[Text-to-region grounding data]
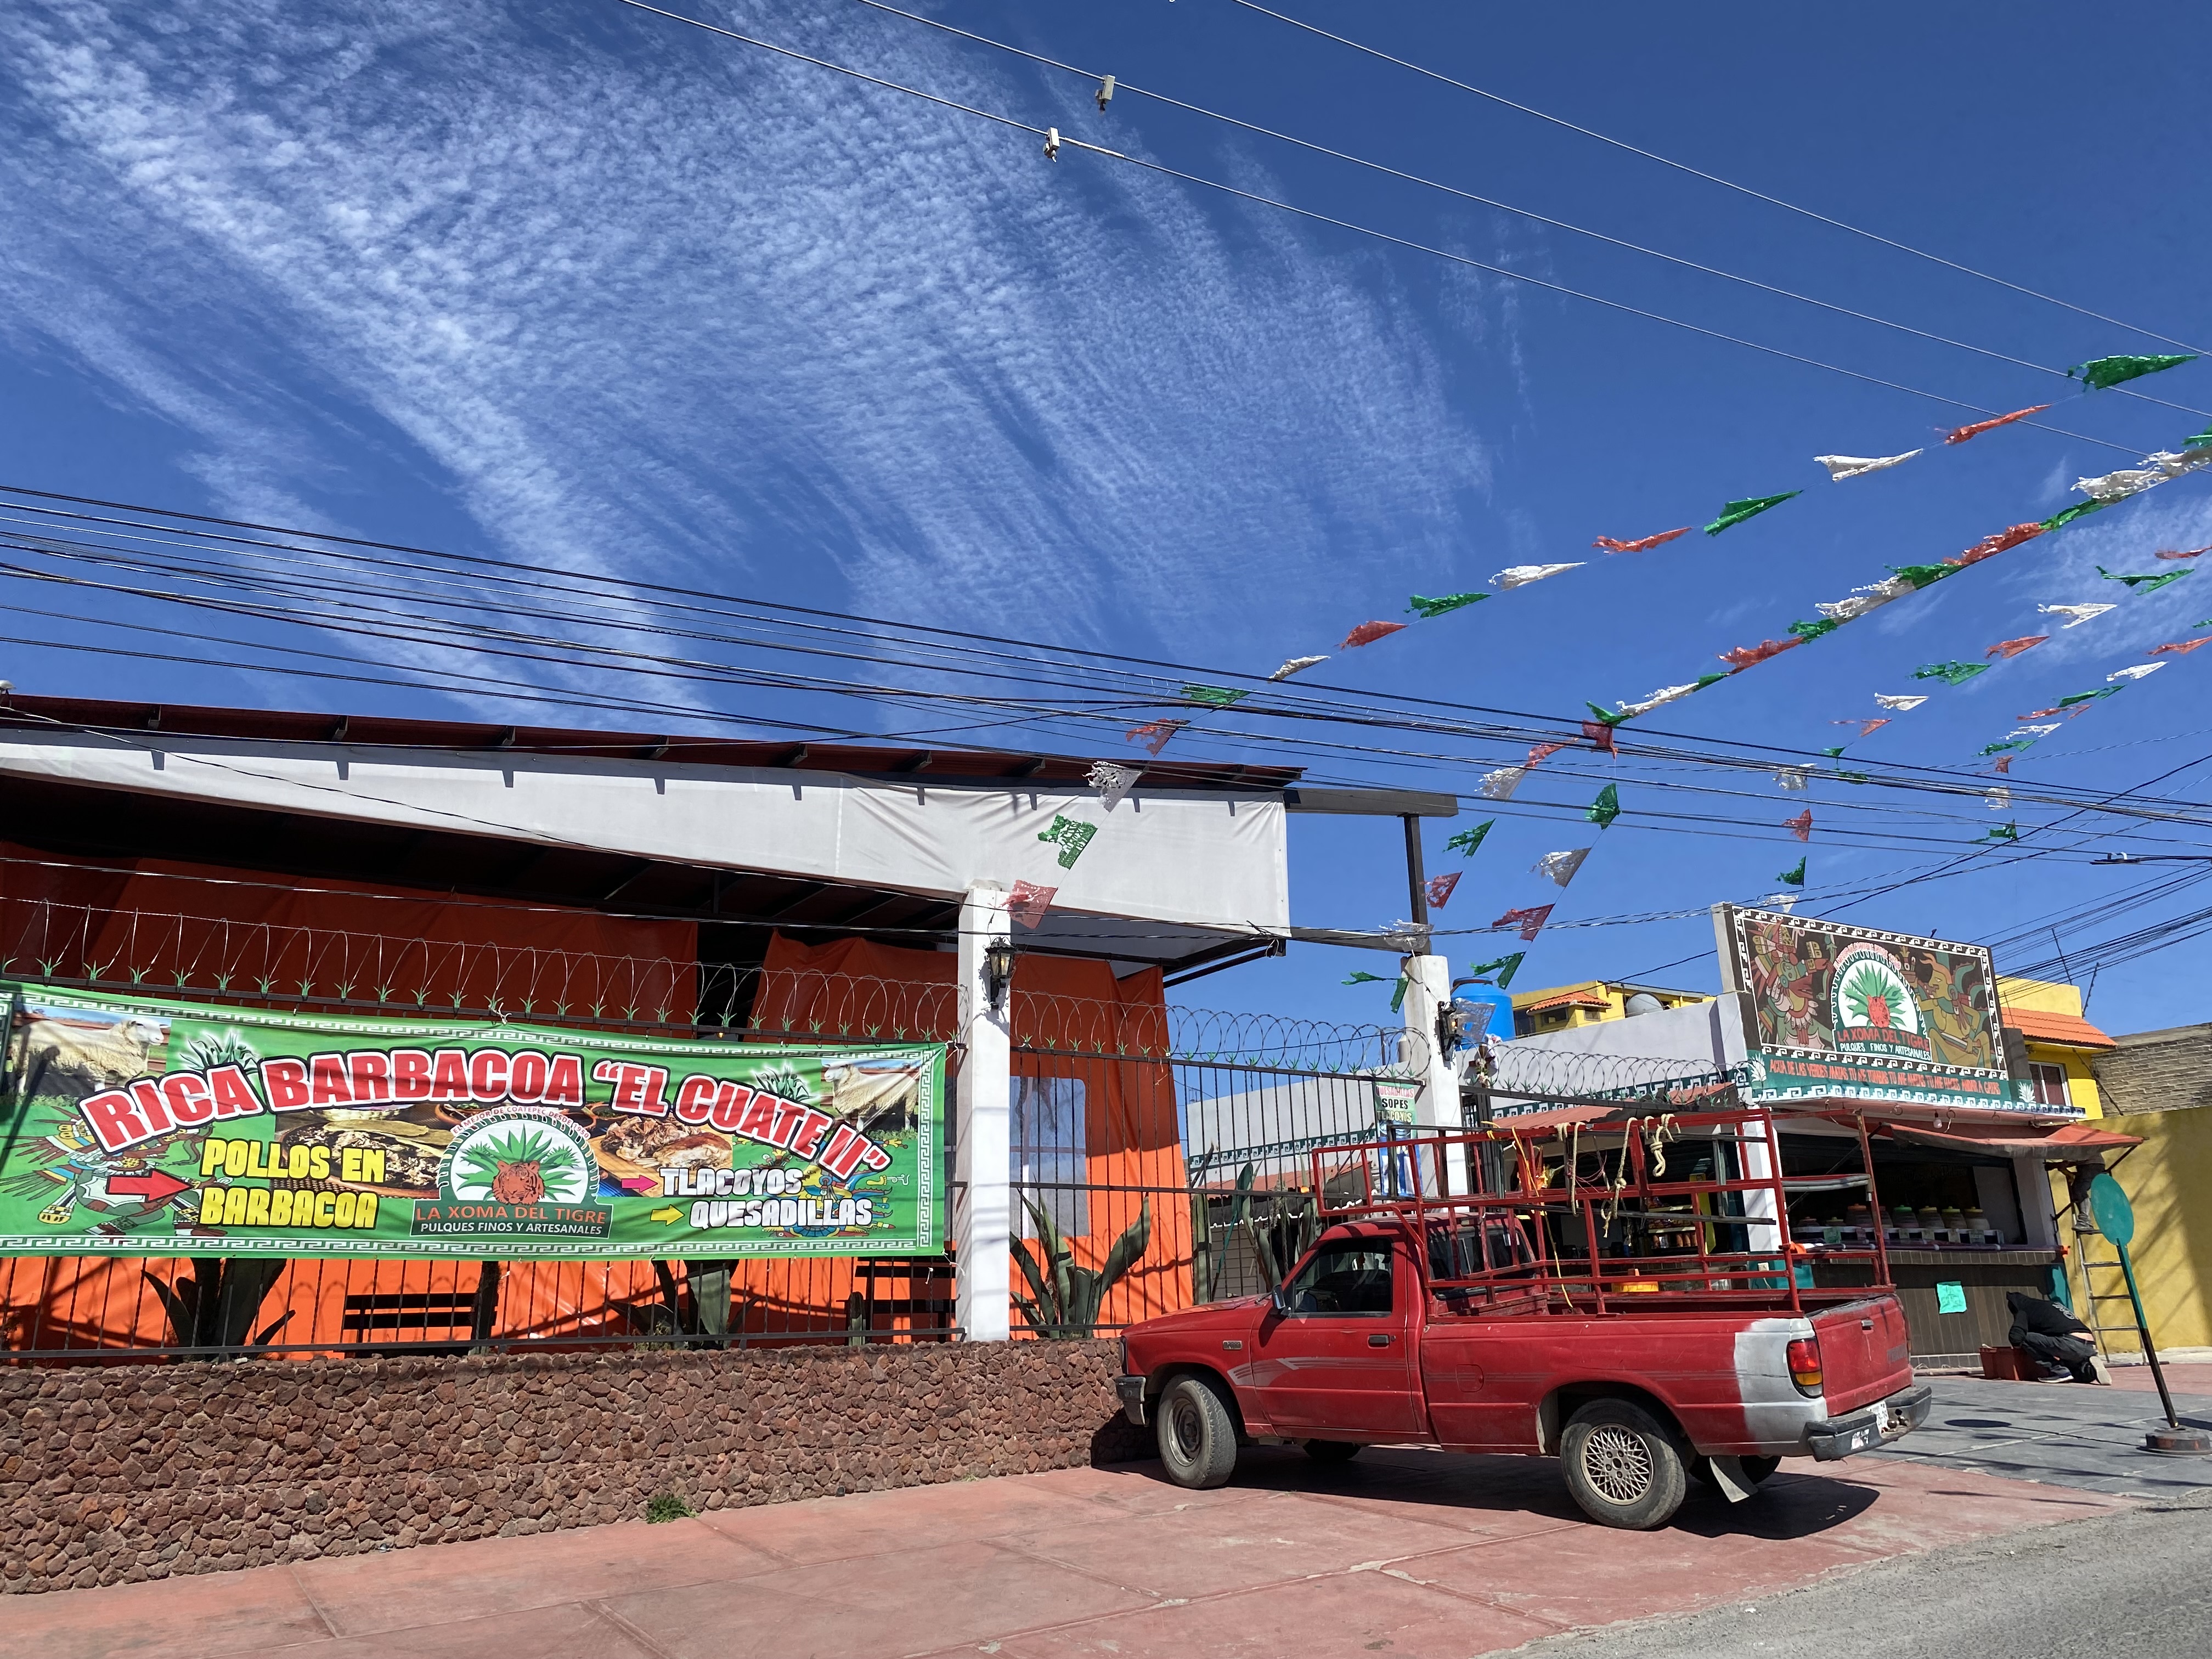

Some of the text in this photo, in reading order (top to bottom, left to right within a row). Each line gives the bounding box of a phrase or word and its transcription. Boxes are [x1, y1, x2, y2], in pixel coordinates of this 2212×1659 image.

[1837, 1028, 1930, 1052] LA XOMA DEL TIGRE
[1840, 1042, 1931, 1061] PULQUES FINOS Y ARTESANALES
[79, 1063, 266, 1153] RICA
[261, 1048, 585, 1114] BARBACOA
[675, 1075, 834, 1161] CUATE
[1376, 1110, 1412, 1122] TLACOYOS
[1381, 1098, 1408, 1109] SOPES
[453, 1125, 462, 1135] EL
[463, 1111, 490, 1127] MEJOR
[506, 1105, 546, 1115] COATEPEC
[549, 1111, 572, 1126] DESDE
[573, 1124, 590, 1139] 1950
[201, 1137, 386, 1183] POLLOS EN
[659, 1167, 803, 1197] TLACOYOS
[199, 1186, 379, 1229] BARBACOA
[416, 1206, 607, 1224] LA XOMA DEL TIGRE
[690, 1198, 873, 1230] QUESADILLAS
[420, 1222, 602, 1235] PULQUES FINOS Y ARTESANALES

• [WHAT THE TASK ASKS] Copy all the records word for word and keep the pictures out.

• [ANSWER FOR THE TASK]
Some of the text in this photo, in reading order (top to bottom, left to right within a row). Each line gives the bounding box of a phrase or word and its transcription. Boxes are [x1, y1, x2, y2], in pixel coordinates of this 2212×1659 image.

[1837, 1028, 1930, 1052] LA XOMA DEL TIGRE
[1840, 1042, 1931, 1061] PULQUES FINOS Y ARTESANALES
[79, 1063, 266, 1153] RICA
[261, 1048, 585, 1114] BARBACOA
[675, 1075, 834, 1161] CUATE
[1376, 1110, 1412, 1122] TLACOYOS
[1381, 1098, 1408, 1109] SOPES
[453, 1125, 462, 1135] EL
[463, 1111, 490, 1127] MEJOR
[506, 1105, 546, 1115] COATEPEC
[549, 1111, 572, 1126] DESDE
[573, 1124, 590, 1139] 1950
[201, 1137, 386, 1183] POLLOS EN
[659, 1167, 803, 1197] TLACOYOS
[199, 1186, 379, 1229] BARBACOA
[416, 1206, 607, 1224] LA XOMA DEL TIGRE
[690, 1198, 873, 1230] QUESADILLAS
[420, 1222, 602, 1235] PULQUES FINOS Y ARTESANALES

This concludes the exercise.